Breeding against infectious diseases in animals
Rashidi, H. - \ 2016
University. Promotor(en): Johan van Arendonk, co-promotor(en): Herman Mulder; P.K. Mathur. - Wageningen University - ISBN 9789462576452 - 179 p.
livestock - infectious diseases - animal breeding - selective breeding - disease resistance - tolerance - genetic variation - breeding value - genetic correlation - traits - genomics - animal genetics - vee - infectieziekten - dierveredeling - selectief fokken - ziekteresistentie - tolerantie - genetische variatie - fokwaarde - genetische correlatie - kenmerken - genomica - diergenetica

Infectious diseases in farm animals are of major concern because of animal welfare, production costs, and public health. Farms undergo huge economic losses due to infectious disease. The costs of infections in farm animals are mainly due to production losses, treatment of infected animals, and disease control strategies. Control strategies, however, are not always successful. Selective breeding for the animals that can mount a defence against infection could therefore be a promising approach. Defensive ability of an animal has two main mechanisms: resistance (ability to control the pathogen burden) and tolerance (ability to maintain performance when pathogen burden increases). When it is difficult to distinguish between resistance and tolerance, defensive ability is measured as resilience that is the ability to maintain performance during a disease outbreak regardless of pathogen burden. Studies have focused on the genetics of resistance and resilience with little known about the genetics of tolerance and its relationship with resistance and resilience. The objectives of this thesis were to: 1) estimate the genetic variation in resistance, tolerance, and resilience to infection in order to assess the amenability of these traits for selective breeding in farm animals, 2) estimate the genetic correlation between resistance, tolerance and resilience and 3) detect genomic regions associated with resistance, tolerance, and resilience.

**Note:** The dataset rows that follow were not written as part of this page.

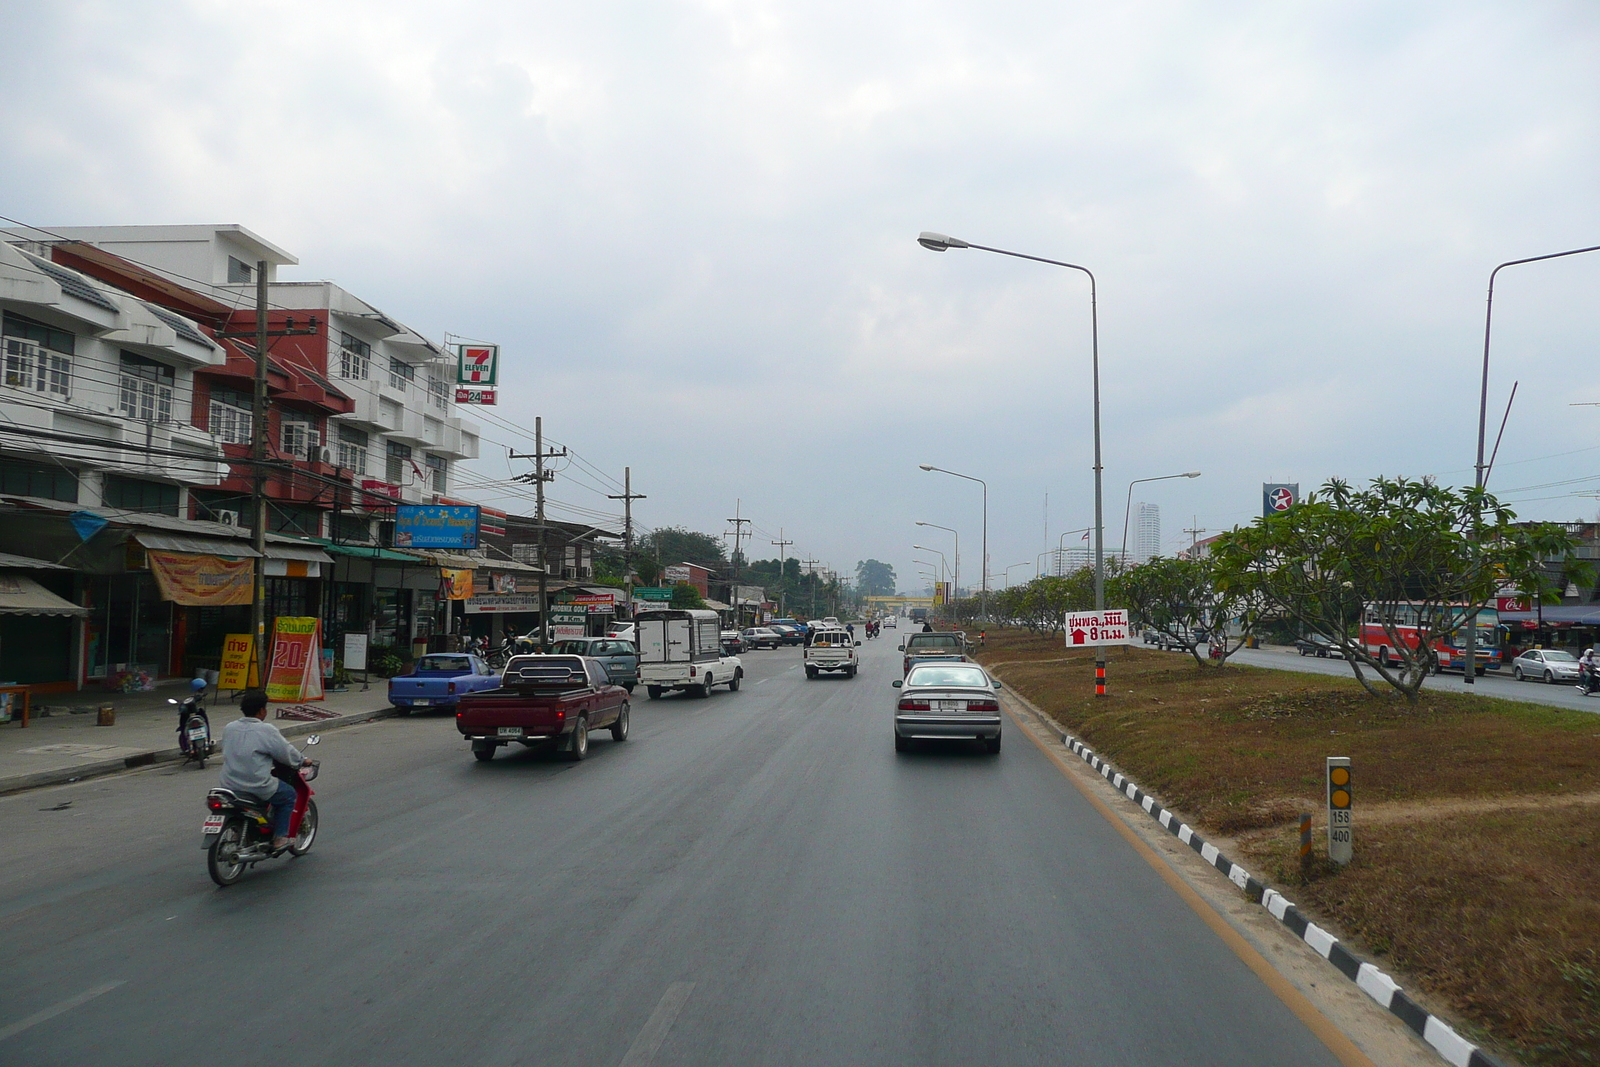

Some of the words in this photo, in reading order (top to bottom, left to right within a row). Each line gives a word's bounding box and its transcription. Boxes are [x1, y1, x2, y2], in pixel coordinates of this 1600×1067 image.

[466, 349, 490, 382] 7
[469, 392, 481, 402] 24
[574, 605, 587, 613] GOLF
[1090, 627, 1098, 641] 8
[227, 638, 248, 653] ถ่าย
[1333, 811, 1350, 823] 158
[1332, 831, 1350, 843] 400

In chapter 2, we studied the variation among sows in response to porcine reproductive and respiratory syndrome (PRRS). First a statistical method was developed to detect PRRS outbreaks based on reproduction records of sows. The method showed a high sensitivity (78%) for disease phases. Then the variation of sows in response to PRRS was quantified using 2 models on the traits number of piglets born alive (NBA) and number of piglets born dead (LOSS): 1) bivariate model considering the trait in healthy and disease phases as different traits, and 2) reaction norm model modelling the response of sows as a linear regression of the trait on herd-year-week estimates of NBA. Trait correlations between healthy and disease phases deviated from unity (0.57±0.13 – 0.87±0.18). The repeatabilities ranged from 0.07±0.027 to 0.16±0.005. The reaction norm model had higher predictive ability in disease phase compared to the bivariate model.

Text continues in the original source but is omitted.